All of her training had been aimed at apprehending and neutralising them. Now she walked past them on the way to the communal toilets. Groups of Off-Gridders clustered around hacked hardware, sewing Lethene sheets.
She joined them in the sewing, just to have something to do. Soon she was sewing faster than the others. She still thought of the Bureau a lot. Though she tried not to, there wasn’t much else to do. She started off recalling how hard she had worked for it. Within her first six months, she had improved the efficiency of her section by twenty per cent.
Icara had joined the Bureau at a moment of change. The old guard had been made up of tough Belt-hardened Bureaucrats. Some still remembered the Bureau under Drawbridge and behaved as if nothing had changed. They worked hard, but also spent whole weekends in night-boxes in the Sub-Urbs and came back with bruises over more than their temples. They drank heavily. They weren’t bad people exactly. But they weren’t clean either. They had a kind of honour-code system among themselves. And most of the time they upheld the Codes and rules of iRemember.
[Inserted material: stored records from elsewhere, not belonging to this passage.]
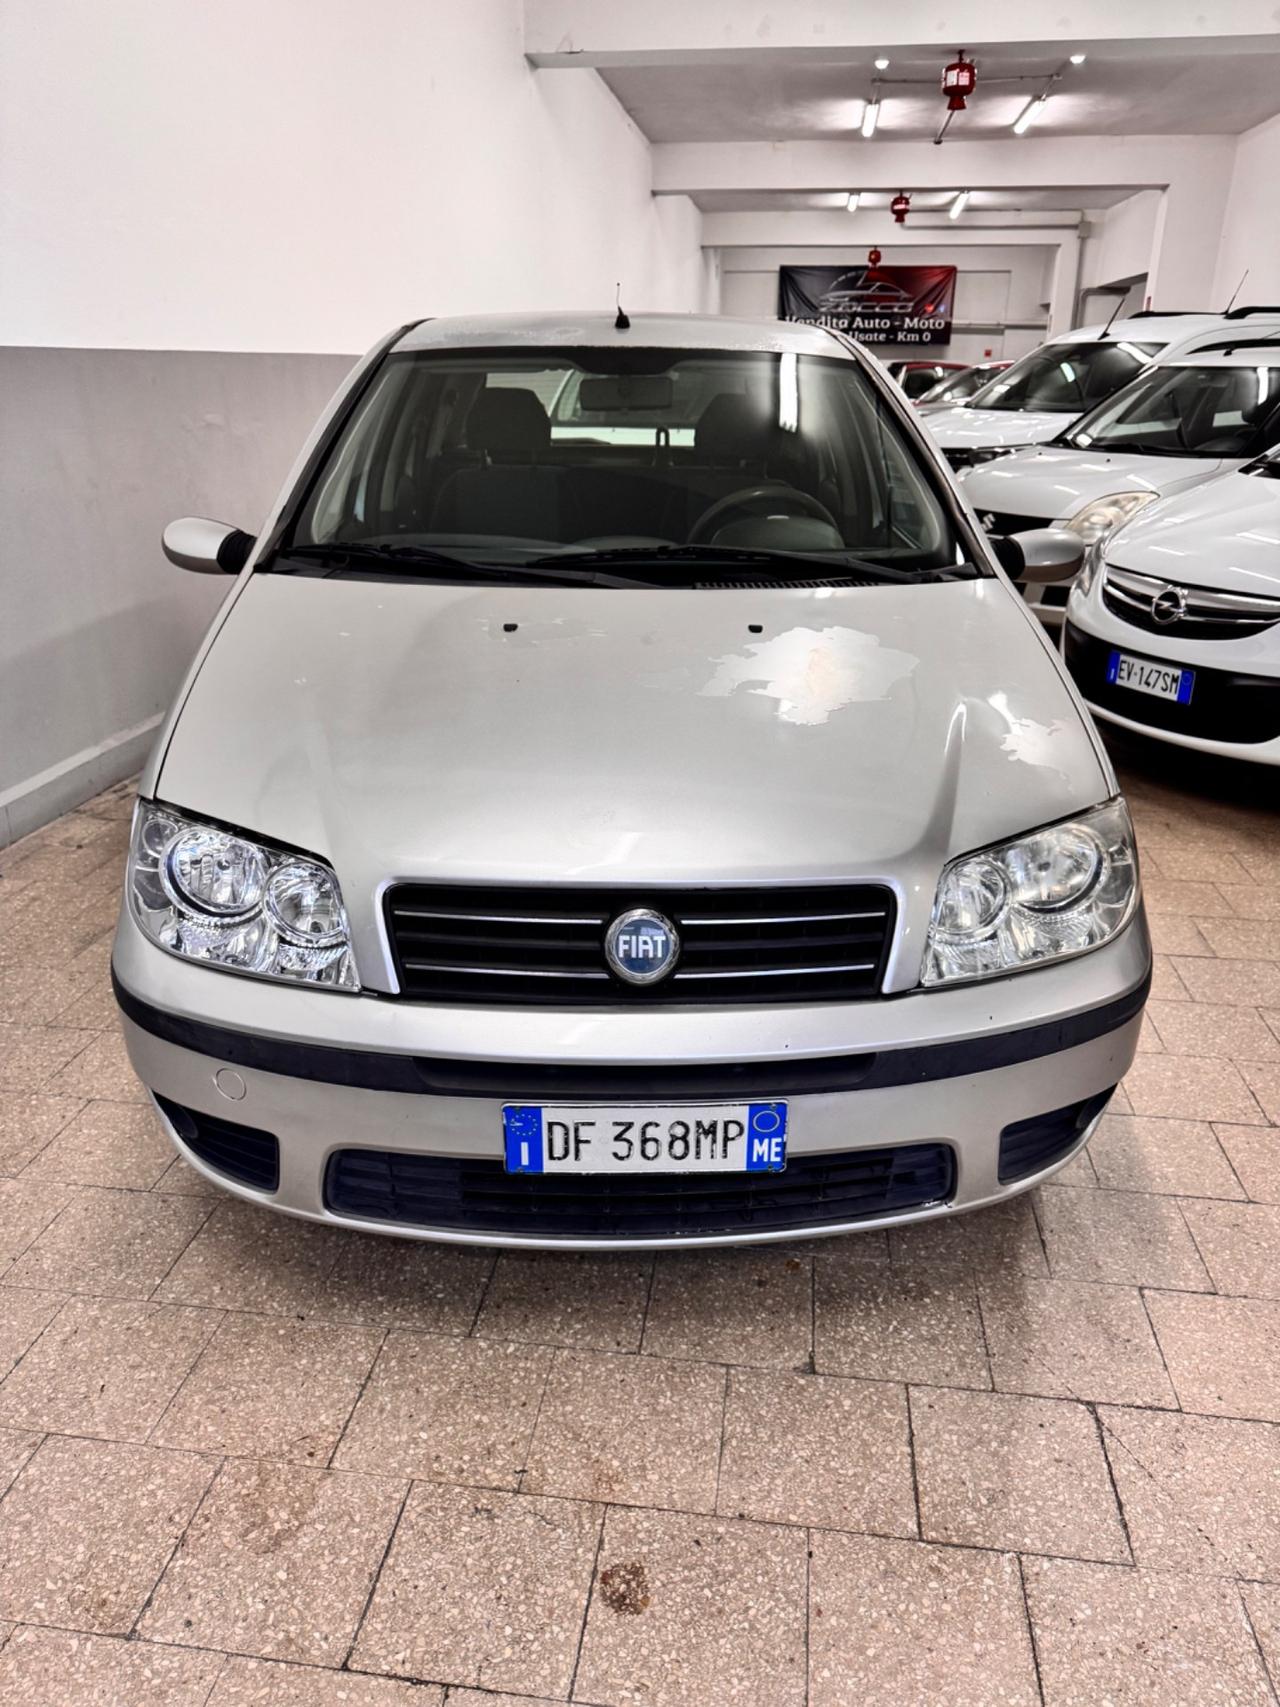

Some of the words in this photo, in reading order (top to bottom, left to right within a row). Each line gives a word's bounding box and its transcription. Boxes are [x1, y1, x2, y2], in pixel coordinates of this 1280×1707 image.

[852, 317, 890, 329] Auto
[903, 317, 945, 329] Moto
[849, 331, 887, 341] Usate
[897, 331, 919, 341] Km
[922, 332, 931, 342] 0
[618, 935, 666, 958] FIAT
[520, 1142, 529, 1165] I
[547, 1121, 596, 1161] DF
[611, 1119, 745, 1161] 368MP
[752, 1137, 781, 1162] ME
But their approach to the rule of law was...creative. Their work for the Bureau was good work, but they were good at sniffing out Bad Memories because it takes one to know one. Many of them would have ended up Forgotten themselves if it hadn’t been for the Bureau and Drawbridge. They couldn’t surf an engram eddy. It would kill them. And they were so sensitive to Tranquelle that it almost rendered them useless when it was introduced.
Under Frome the process of replacing these old operatives with new blood from the Academy and the Scholarship programme for the Children of Frome had begun. New Blood like Icara. And Gretna. With complete iRemember records, high Academy Scores, and higher typing-speeds. But the old ways were tough to kill. They had been hardened by Sub-Urban booze and pro
fligate living. Even after years working as a Rank 4, Icara still noticed the laxness and over-reliance on deceit that characterised the older investigative teams in the Bureau. She personally witnessed several local area operatives taking bribes for negotiating laxer sentences with the Brethren or letting Off-Gridders go free and escape questioning for payment in contraband goods, like desert mangoes, a kind of sand-dwelling lizard-fish.
How could Bureaucrats who spent their weekends in the Sub-Urbs with the likes of Ronnie Spoon come back to the City on Monday mornings and work towards pulling the rug from under Ronnie’s feet? She promised herself that when she became a senior operative, her section would take no bribes. She vowed to herself that she would never again lie to get what she wanted. She would simply be the best. No matter what it took.
It took a lot. She spent mornings in the gym, days at work and evenings researching Bureau history, learning the Codes and Codices off by heart. She internalised maps of the Sub-Urbs. Let the other Bureaucrats socialise. The only time she had allowed herself to relax was at the last Fromemass office party. Even that was planned. She had learned in a study she had recently read that people who allowed themselves to relax thirty per cent of the time, performed thirty per cent more efficiently seventy per cent of the time, which could increase the productivity of their sections by an average of five per cent.